BFMTV

Philippines: 18 morts dans un attentat contre la cathédrale de Jolo

Des policiers et militaires se tiennent devant une cathédrale de l'île de Jolo, dans les Philippines, après l'explosion de deux bombes le 27 janvier 2019.

Des policiers et militaires se tiennent devant une cathédrale de l'île de Jolo, dans les Philippines, après l'explosion de deux bombes le 27 janvier 2019. - Nickee Butlangan - AFP

Une première bombe a explosé pendant la messe à l'intérieur de la cathédrale, une seconde sur le parking. Le porte-parole du président philippin Rodrigo Duterte a condamné "un acte terroriste".

Au moins 18 personnes sont mortes ce dimanche dans un double attentat contre la cathédrale de Jolo, sur une île du sud des Philippines qui demeure un bastion de l'organisation islamiste Abou Sayyaf.

Cette attaque est intervenue deux jours après l'annonce de l'approbation massive, lors d'un référendum lundi dernier, de la création dans le sud de l'archipel de la région autonome Bangsamoro, dans le cadre du processus de paix avec l'insurrection musulmane. 

La première bombe a explosé pendant la messe à l'intérieur de la cathédrale de Notre-Dame du Mont-Carmel, située dans le centre de Jolo, la plus grande ville de l'île du même nom, a déclaré le lieutenant-colonel Gerry Besana, porte-parole régional de l'armée. Une seconde explosion s'est produite à l'extérieur, sur le parking, quand arrivaient les militaires.

Des photos diffusées par l'armée montrent les portes et les fenêtres de la cathédrales pulvérisées, ses bancs retournés. Un photographe de l'Agence France-Presse (AFP) présent sur les lieux a aussi vu de nombreux corps jonchant le sol. Le porte-parole du président philippin Rodrigo Duterte a condamné "un acte terroriste".

"La loi sera sans pitié pour eux"

"Nous poursuivrons jusqu'au bout du monde les cruels auteurs de ce crime ignoble jusqu'à ce que chacun des tueurs soit amené devant la justice et mis derrière les barreaux", a déclaré dans un communiqué ce porte-parole, Salvador Panelo. "La loi sera sans pitié pour eux."

Cinq soldats, un membre des garde-côtes et 12 civils ont été tués dans ce double attentat qui a également fait 83 blessés, a déclaré le lieutenant-colonel Besana.
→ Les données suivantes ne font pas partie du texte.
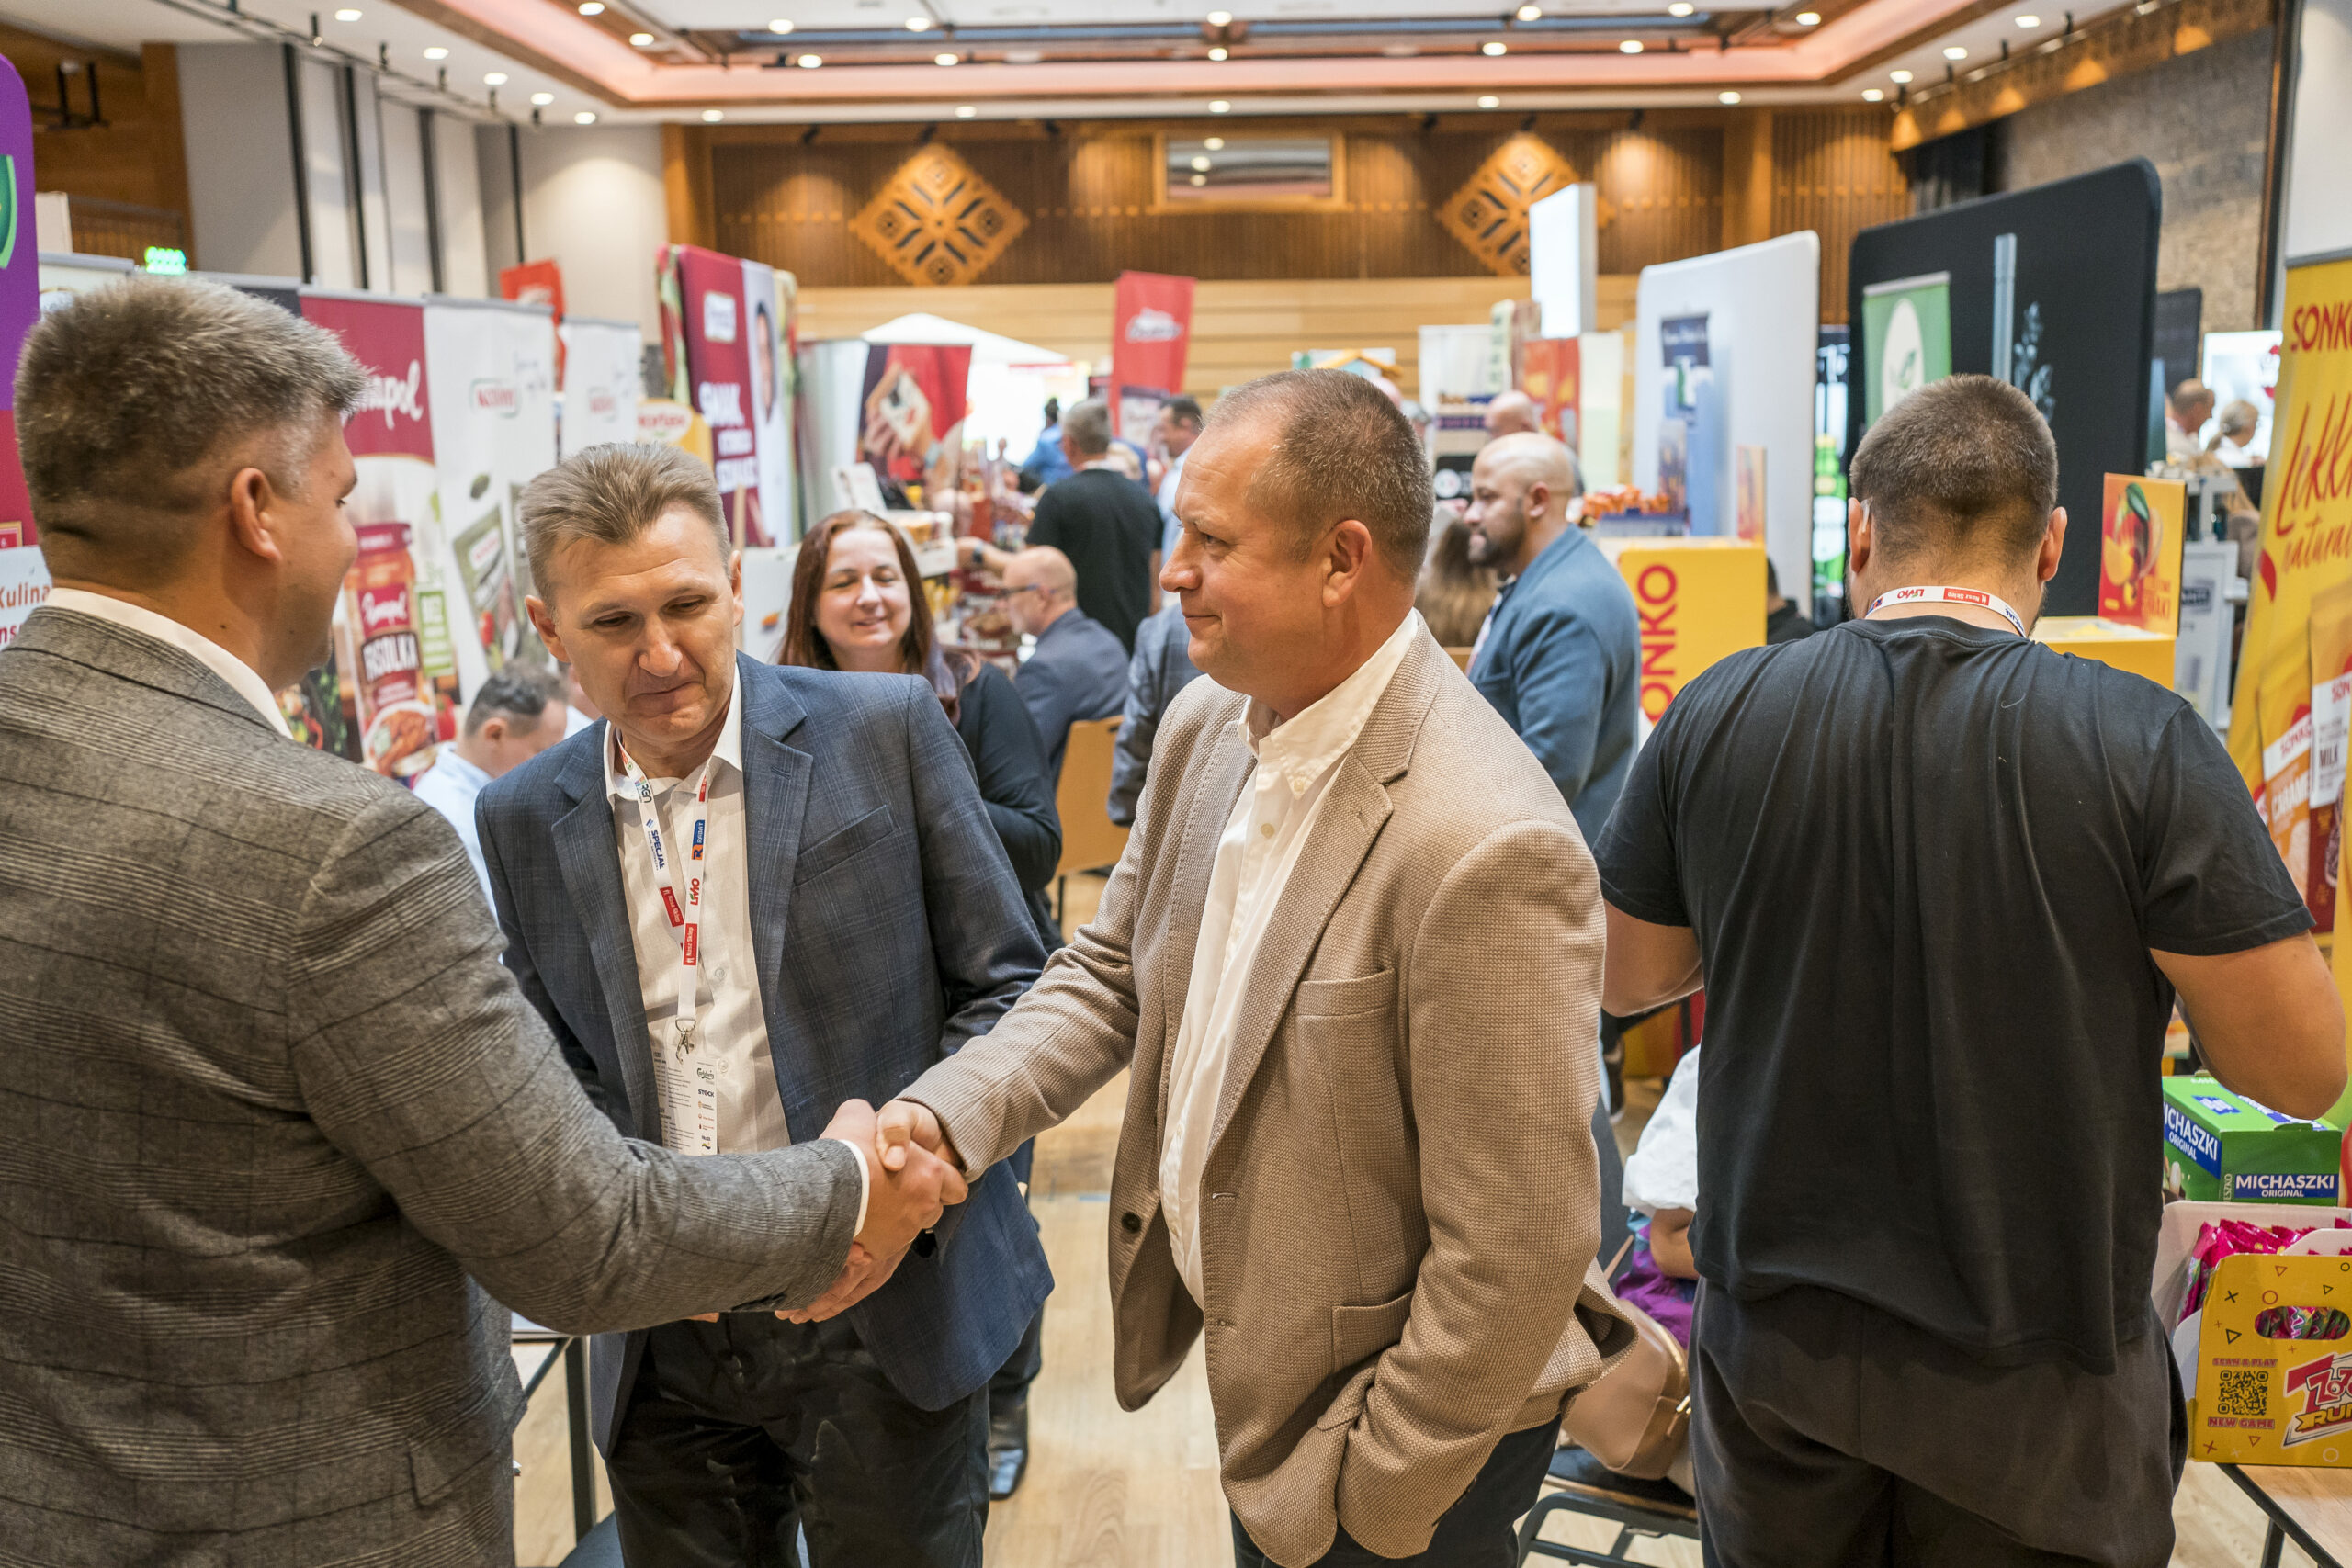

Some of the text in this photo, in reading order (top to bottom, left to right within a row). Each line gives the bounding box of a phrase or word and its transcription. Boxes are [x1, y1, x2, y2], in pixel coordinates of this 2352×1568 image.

Le chef de la police régionale Graciano Mijares a de son côté fait état de 20 morts et 81 blessés. La deuxième bombe se trouvait dans le coffre d'une moto garée à l'extérieur de l'édifice. Les autorités ont indiqué que l'attentat pourrait être le fait du groupe islamiste Abou Sayyaf.

L'île de Jolo, un des principaux bastions d'Abou Sayyaf 

"Quand vous parlez de terrorisme dans la province de Sulu, le premier suspect est toujours Abou Sayyaf mais nous ne pouvons exclure la possibilité d'autres responsables", a déclaré Gerry Besana.

L'île de Jolo est en effet un des principaux bastions d'Abou Sayyaf. Spécialisée dans les enlèvements crapuleux, cette organisation est aussi accusée des pires attentats dans l'archipel, en particulier celui contre un ferry qui avait fait plus de 100 morts en 2004. 

Abou Sayyaf est une ramification extrémiste de l'insurrection séparatiste musulmane. Il a été créé dans les années 1990 grâce aux financements d'un membre de la famille du chef d'Al-Qaïda Oussama ben Laden.